> _Material for this exercise_
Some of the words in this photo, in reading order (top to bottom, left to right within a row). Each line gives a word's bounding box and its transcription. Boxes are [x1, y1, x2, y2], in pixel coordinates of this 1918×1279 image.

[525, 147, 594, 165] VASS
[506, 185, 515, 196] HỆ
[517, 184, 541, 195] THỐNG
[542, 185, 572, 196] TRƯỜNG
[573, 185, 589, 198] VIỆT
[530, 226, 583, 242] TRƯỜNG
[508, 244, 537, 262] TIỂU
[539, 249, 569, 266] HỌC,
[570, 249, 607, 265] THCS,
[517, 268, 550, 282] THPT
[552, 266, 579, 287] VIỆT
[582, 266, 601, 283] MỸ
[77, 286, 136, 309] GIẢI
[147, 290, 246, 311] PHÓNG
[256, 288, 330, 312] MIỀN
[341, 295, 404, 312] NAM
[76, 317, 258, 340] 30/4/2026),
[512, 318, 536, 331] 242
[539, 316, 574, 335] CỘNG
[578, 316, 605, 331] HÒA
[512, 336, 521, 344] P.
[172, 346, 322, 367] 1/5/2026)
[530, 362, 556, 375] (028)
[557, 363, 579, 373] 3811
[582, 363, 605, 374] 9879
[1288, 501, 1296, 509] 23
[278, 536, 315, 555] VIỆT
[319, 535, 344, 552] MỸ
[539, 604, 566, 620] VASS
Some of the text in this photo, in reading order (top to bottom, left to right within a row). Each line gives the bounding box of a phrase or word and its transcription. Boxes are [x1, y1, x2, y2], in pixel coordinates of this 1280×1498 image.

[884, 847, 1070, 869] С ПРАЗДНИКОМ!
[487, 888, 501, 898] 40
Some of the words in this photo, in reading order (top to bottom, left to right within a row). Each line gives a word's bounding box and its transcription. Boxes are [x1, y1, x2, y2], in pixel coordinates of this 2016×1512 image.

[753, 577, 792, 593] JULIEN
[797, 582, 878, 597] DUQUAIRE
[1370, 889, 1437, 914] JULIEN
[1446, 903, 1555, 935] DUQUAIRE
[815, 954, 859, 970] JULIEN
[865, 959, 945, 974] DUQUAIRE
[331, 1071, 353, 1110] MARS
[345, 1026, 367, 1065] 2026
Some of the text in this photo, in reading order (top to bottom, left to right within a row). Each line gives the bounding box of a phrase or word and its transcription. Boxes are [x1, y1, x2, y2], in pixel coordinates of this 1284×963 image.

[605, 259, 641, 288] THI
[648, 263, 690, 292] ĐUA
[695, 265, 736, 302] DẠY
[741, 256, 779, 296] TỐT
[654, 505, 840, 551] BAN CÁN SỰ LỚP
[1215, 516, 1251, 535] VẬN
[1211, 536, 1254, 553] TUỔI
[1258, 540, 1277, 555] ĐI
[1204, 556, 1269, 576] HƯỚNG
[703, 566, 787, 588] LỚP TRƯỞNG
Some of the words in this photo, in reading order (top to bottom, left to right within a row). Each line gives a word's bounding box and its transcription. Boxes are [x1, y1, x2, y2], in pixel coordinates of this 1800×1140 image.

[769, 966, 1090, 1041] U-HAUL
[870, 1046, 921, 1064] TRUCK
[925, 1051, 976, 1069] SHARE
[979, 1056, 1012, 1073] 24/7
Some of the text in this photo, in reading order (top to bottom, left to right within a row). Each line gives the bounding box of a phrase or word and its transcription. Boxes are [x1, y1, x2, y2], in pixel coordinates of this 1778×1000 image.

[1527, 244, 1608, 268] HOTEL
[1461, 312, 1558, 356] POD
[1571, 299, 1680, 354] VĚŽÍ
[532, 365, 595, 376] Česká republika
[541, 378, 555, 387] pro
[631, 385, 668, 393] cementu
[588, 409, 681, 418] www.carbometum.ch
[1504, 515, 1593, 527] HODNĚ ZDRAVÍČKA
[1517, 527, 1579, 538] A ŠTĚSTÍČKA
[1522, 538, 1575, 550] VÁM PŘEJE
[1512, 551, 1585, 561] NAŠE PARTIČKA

> _The task_
Only the lines from the one containing "this 1778×1000 image." through the last line of the material belong in your answer; output them exactly.

> _Written response_
Some of the text in this photo, in reading order (top to bottom, left to right within a row). Each line gives the bounding box of a phrase or word and its transcription. Boxes are [x1, y1, x2, y2], in pixel coordinates of this 1778×1000 image.

[1527, 244, 1608, 268] HOTEL
[1461, 312, 1558, 356] POD
[1571, 299, 1680, 354] VĚŽÍ
[532, 365, 595, 376] Česká republika
[541, 378, 555, 387] pro
[631, 385, 668, 393] cementu
[588, 409, 681, 418] www.carbometum.ch
[1504, 515, 1593, 527] HODNĚ ZDRAVÍČKA
[1517, 527, 1579, 538] A ŠTĚSTÍČKA
[1522, 538, 1575, 550] VÁM PŘEJE
[1512, 551, 1585, 561] NAŠE PARTIČKA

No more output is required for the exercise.